Preheat the oven to 375 degrees F.
Coat a 13x9-inch baking pan with nonstick cooking spray.
In a large bowl, whisk the barbeque sauce and the enchilada sauce together.
Place the chicken in the prepared pan and drizzle with 1/4 cup of the barbeque mixture.
Bake, uncovered, until the chicken juices run clear, an instant thermometer inserted in the center reads 165 degrees F, and the meat is no longer pink, about 20-25 minutes.
Allow the cooked chicken to cool and then chop or shred it.
While the chicken is cooking, in a large skillet over medium-high heat, heat the olive oil.
Add the garlic to the oil and cook until golden and fragrant, about 1 minute.
Add the red onion to the garlic and cook until the onion is translucent, about 3-5 minutes.

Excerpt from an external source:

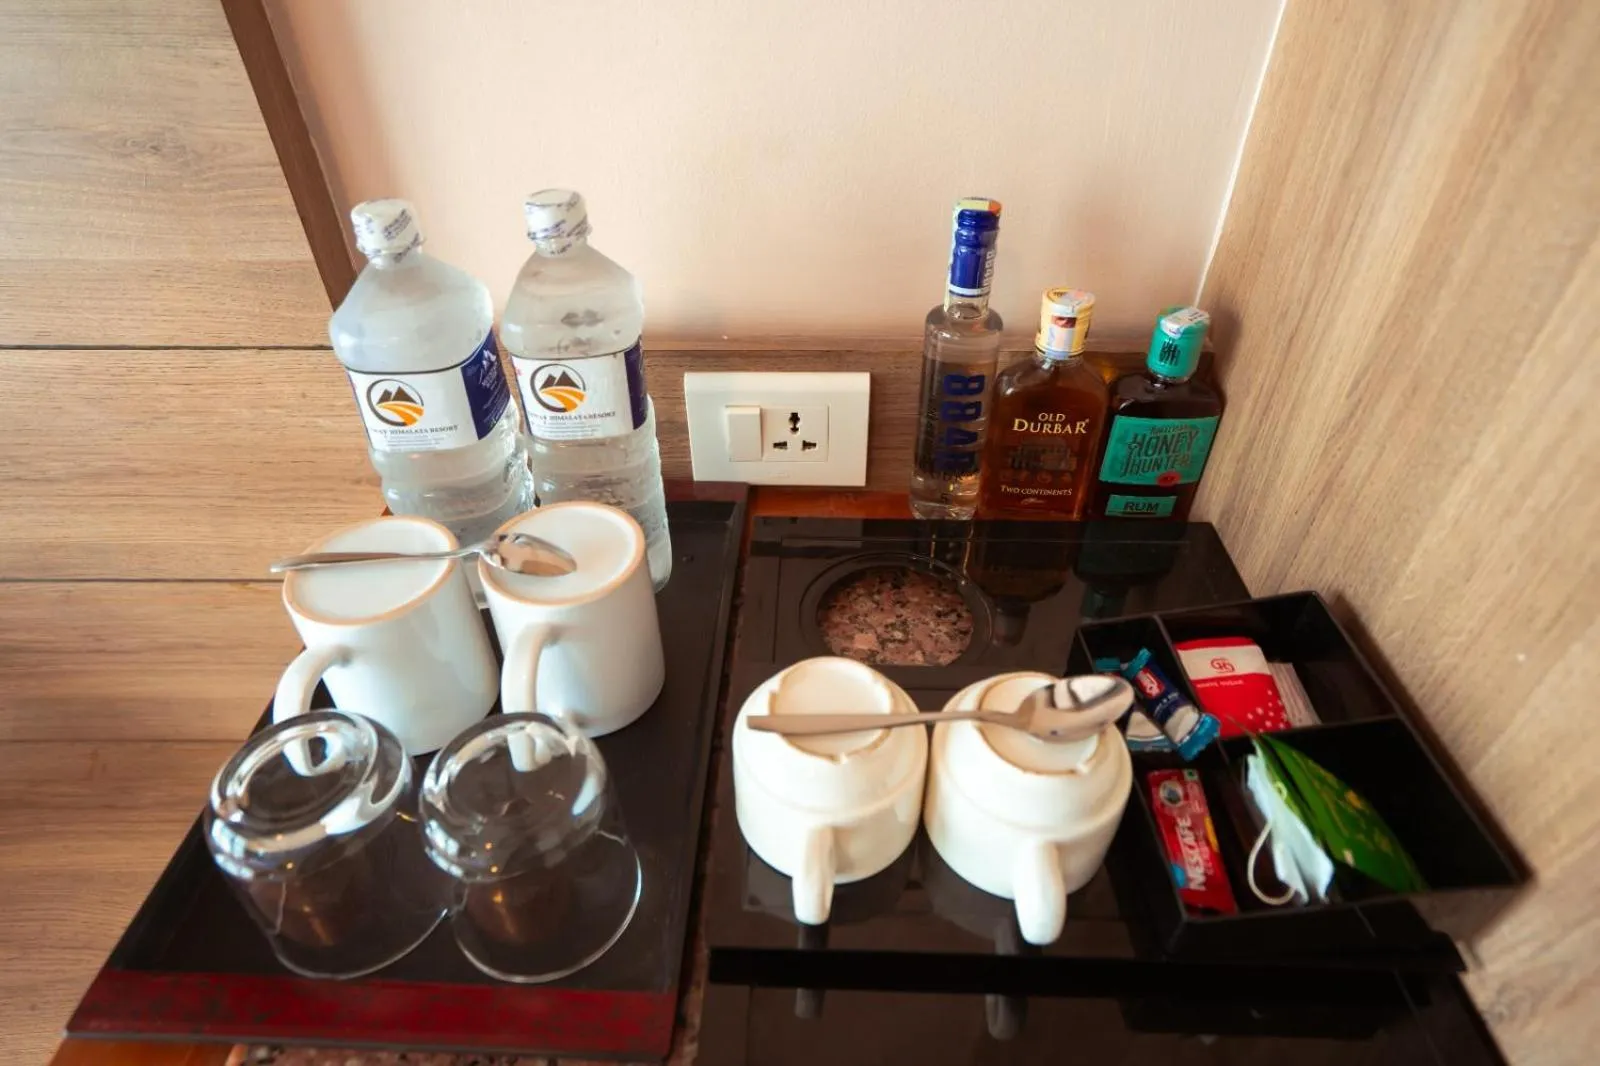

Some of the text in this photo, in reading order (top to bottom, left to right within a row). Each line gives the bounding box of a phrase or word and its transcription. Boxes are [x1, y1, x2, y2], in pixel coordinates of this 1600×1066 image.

Transfer the veggie mixture away from the heat and immediately add 1 cup of the barbeque mixture and the sweet potatoes.
Add the shredded chicken, the cumin, and the cilantro to the veggie mixture, stirring until just combined.
In a bowl, combine the Mexican blend cheese and the mozzarella cheese.
Place 1/4 cup of the barbeque mixture in the bottom of a 9-inch baking pan.
Dip 3 of the tortillas in the barbeque mixture and place at the bottom of the pan. You may need to cut 1 of the tortillas in half to ensure it covers the entire surface.
Place 1/2 of the chicken mixture on top of the barbeque mixture-coated tortillas, cover with 1/2 cup of the cheese mixture, and about 1/4 cup of the barbeque mixture.
Repeat the layers once, starting with the barbeque mixture and ending with the cheese mixture.
Bake, covered with foil, until warmed through and the cheese is melted, about 30-40 minutes.
Allow the casserole to cool, about 5-10 minutes, then garnish with the cilantro.
Serve.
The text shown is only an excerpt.